Among the first companies to pay special attention to women of color was one started by another former model. For Naomi Sims, the first African American to appear on the cover of a mass market magazine, skin care was a key concern.

“No matter what anyone tells you, there is a difference in skin care for women of color and other women,” said Linda Pedreira, vice president of marketing for the Naomi Sims line, which is sold at Sears, JCPenney and Macy’s. “Black skin tends to have more of an allergic reaction to what a person is putting on [it], to stress and the environment,” she said. And dead cells appear more prominent on darker skin, creating an ashy effect. Sims’ hypoallergenic line is built on a three-step cleansing regimen.

The company more recently introduced a product called Chalk, which is applied to eyelids before shadow to prevent creasing. While most versions come in a sharp white, Naomi Sims’ is a banana yellow that blends better with darker skin and helps colors appear more vibrant.
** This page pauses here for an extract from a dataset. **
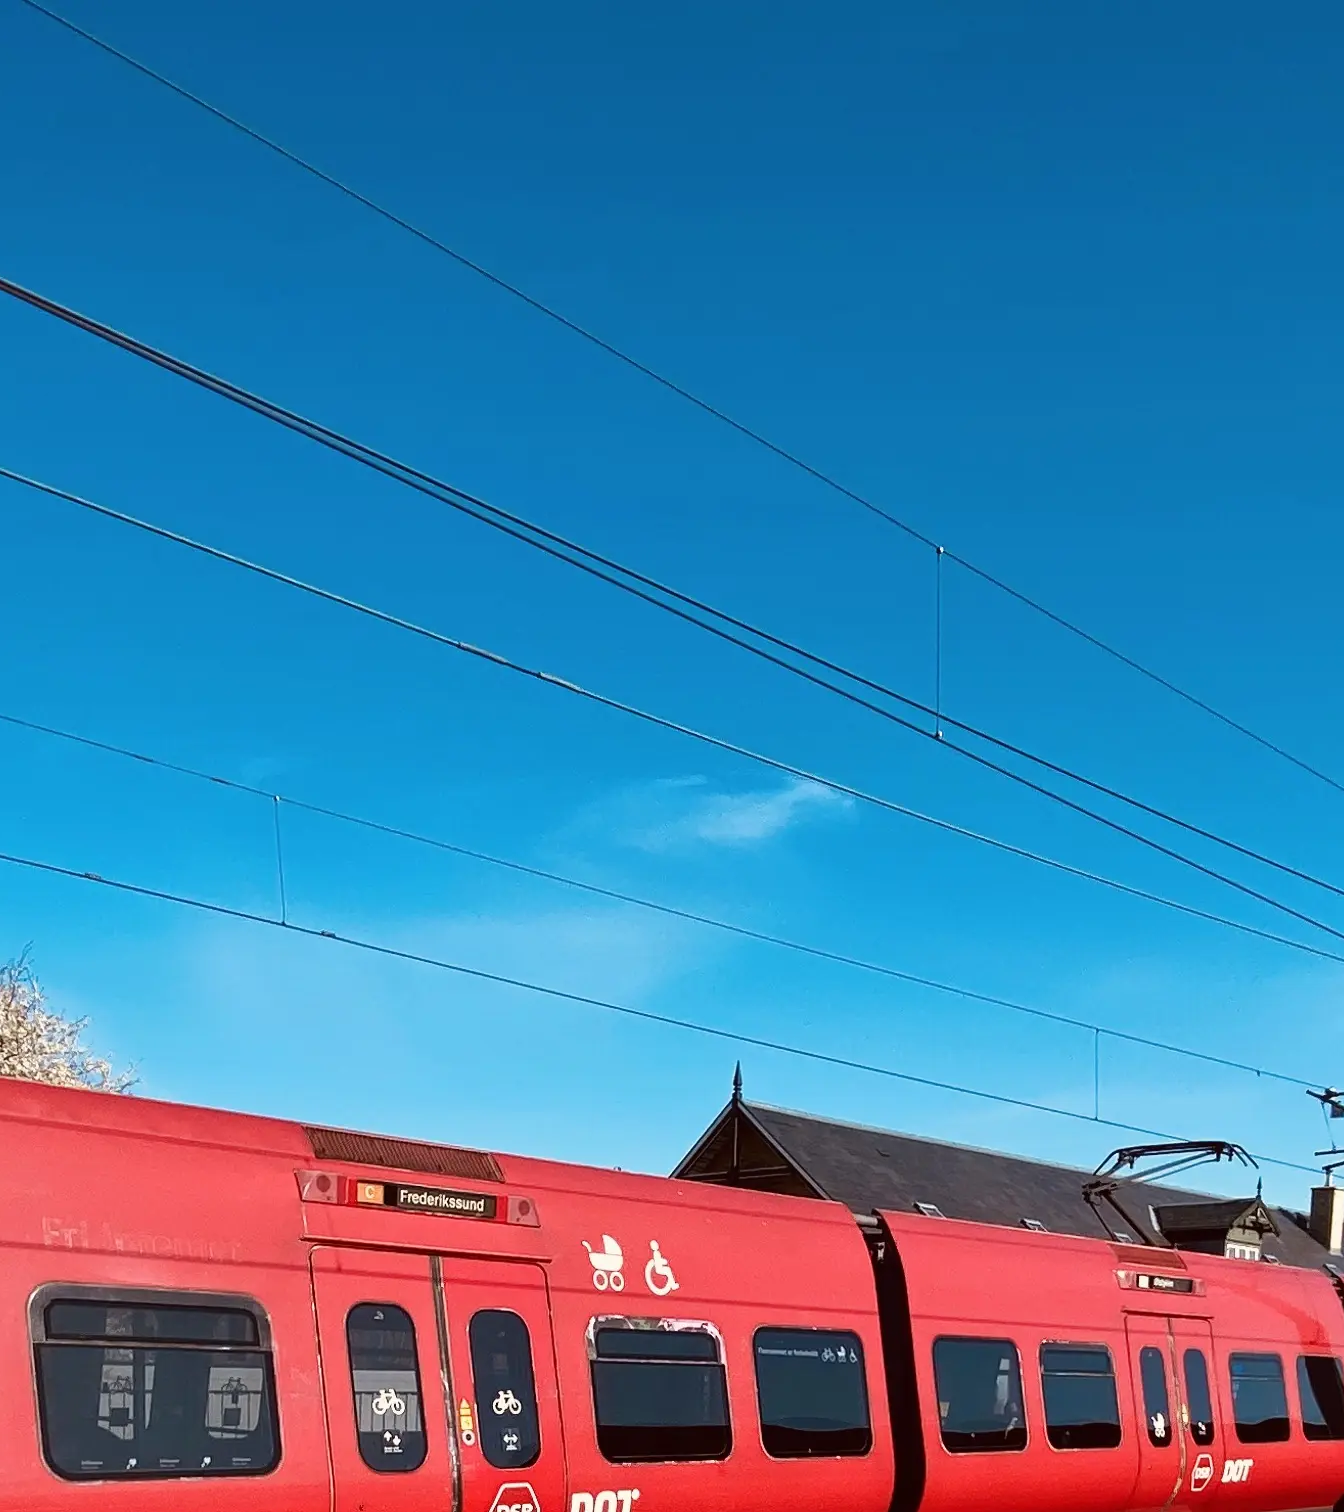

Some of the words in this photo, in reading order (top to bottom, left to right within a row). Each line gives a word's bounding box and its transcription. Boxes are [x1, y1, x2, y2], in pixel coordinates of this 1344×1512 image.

Celebrity makeup artist Bobbi Brown, who founded her makeup line in 1990 with 10 brown-based lipsticks, has also expanded her palette because “most of the colors out there just were not working,” Brown said. “I never know who’s going to sit down in my chair. Between Bernadette Peters and Grace Jones, there’s a wide range. I need to know that no matter who it is, I can find makeup that works with their skin.”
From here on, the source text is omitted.